Когда у нас зима - Дьякону Мирча. Страница 5

Светлый праздник на пороге,
Жемчуга примерь.
Все гуляют по дороге,
Выходи скорей.

Алуница Кристеску, наверно, спела бы и еще куплет, но тут дверь распахнулась, и то, что мы увидели, вовсе не было человеческим домом. Огромная, небритая тень нависла над нами, она пахла чем-то очень знакомым, но от страха я не мог вспомнить чем.

— Вам что здесь надо, а, малявки?

— Мы колядуем,— ответил я, изо всех сил стараясь думать, что чертей на свете нет.

А тень захохотала, очень зычно и, кажется, над нами.

— Это вы что же, в трактир пришли колядовать, а, малявки?

И все хором засмеялись и стали нас зазывать. Мы вошли.

— Простите, пожалуйста, мы думали, что...

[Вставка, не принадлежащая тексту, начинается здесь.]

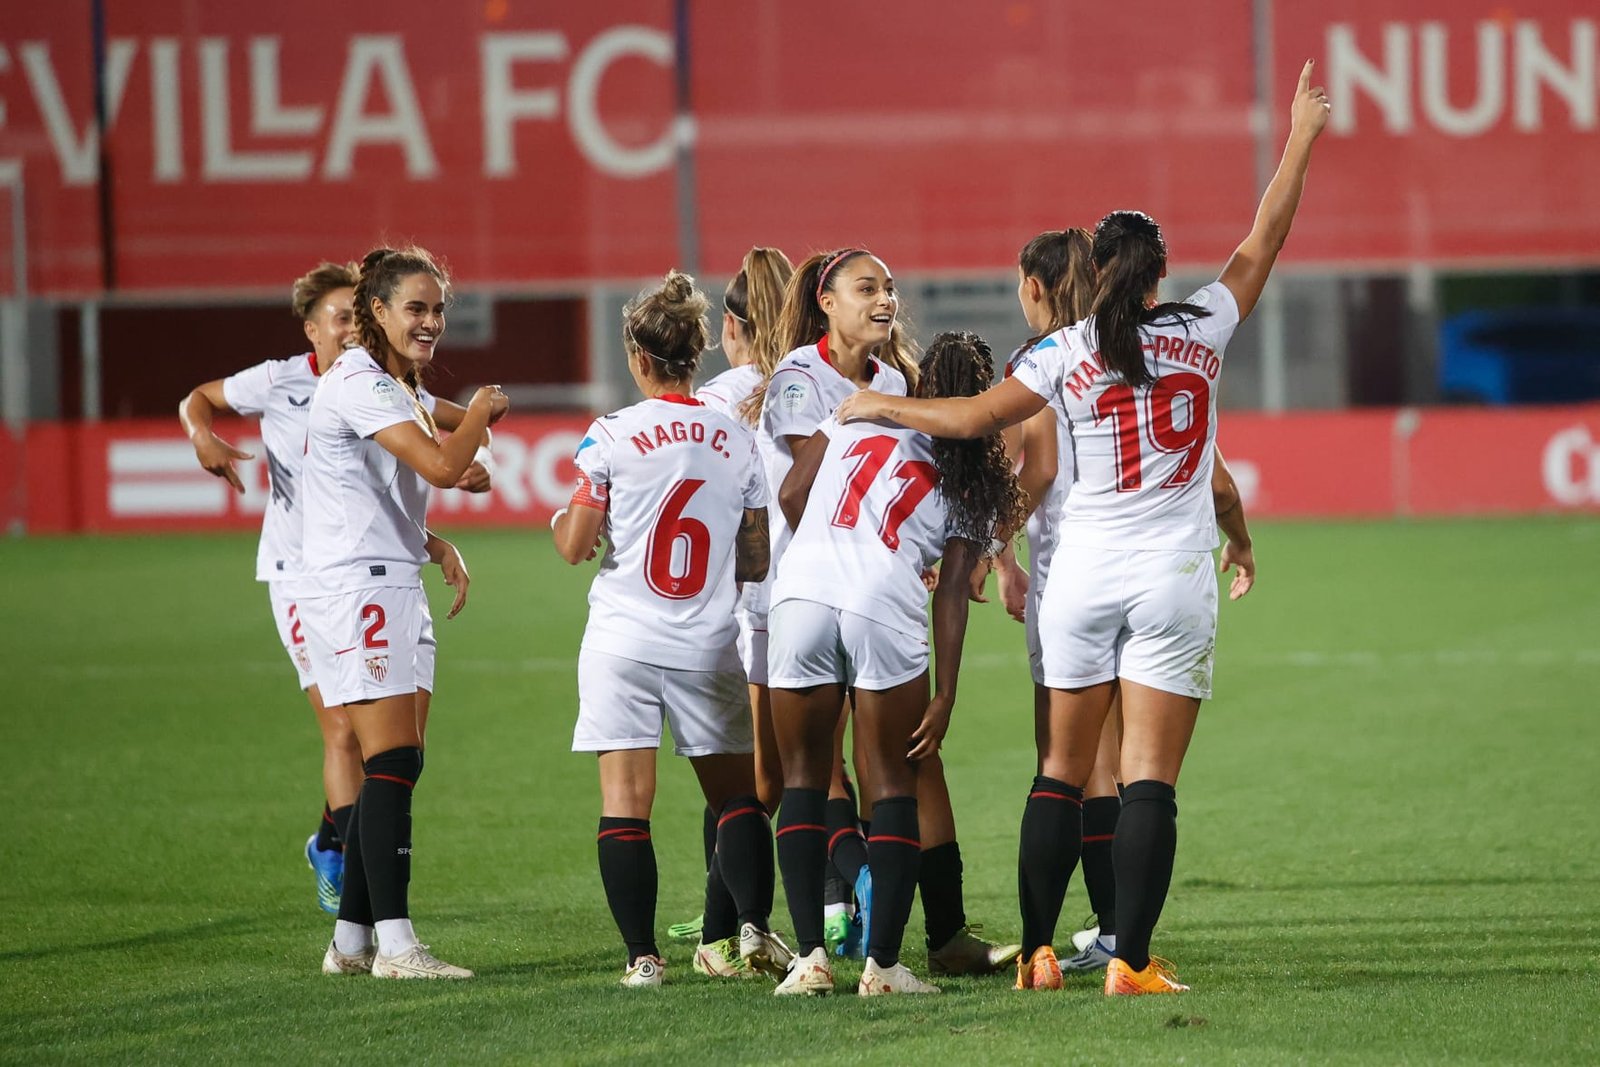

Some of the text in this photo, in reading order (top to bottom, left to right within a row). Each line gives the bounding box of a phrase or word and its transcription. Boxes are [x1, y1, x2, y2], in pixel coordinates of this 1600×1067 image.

Но наших извинений не слушали, а спросили, знаем ли мы еще песни. Знала Алуница Кристеску.

Эй, бояре, хватит спать,
Вам давно пора вставать.

Но это им не понравилось, они сказали, что им еще не пора. И чтобы я им спел что-нибудь про моряков. Алуница Кристеску задала мне тон, и мы начали, держась за руки:

На корабле матросы ходят хмуро,
Кричит им в рупор старый капитан,
А юнга видит пепельные косы,
Он видит берег сквозь густой туман...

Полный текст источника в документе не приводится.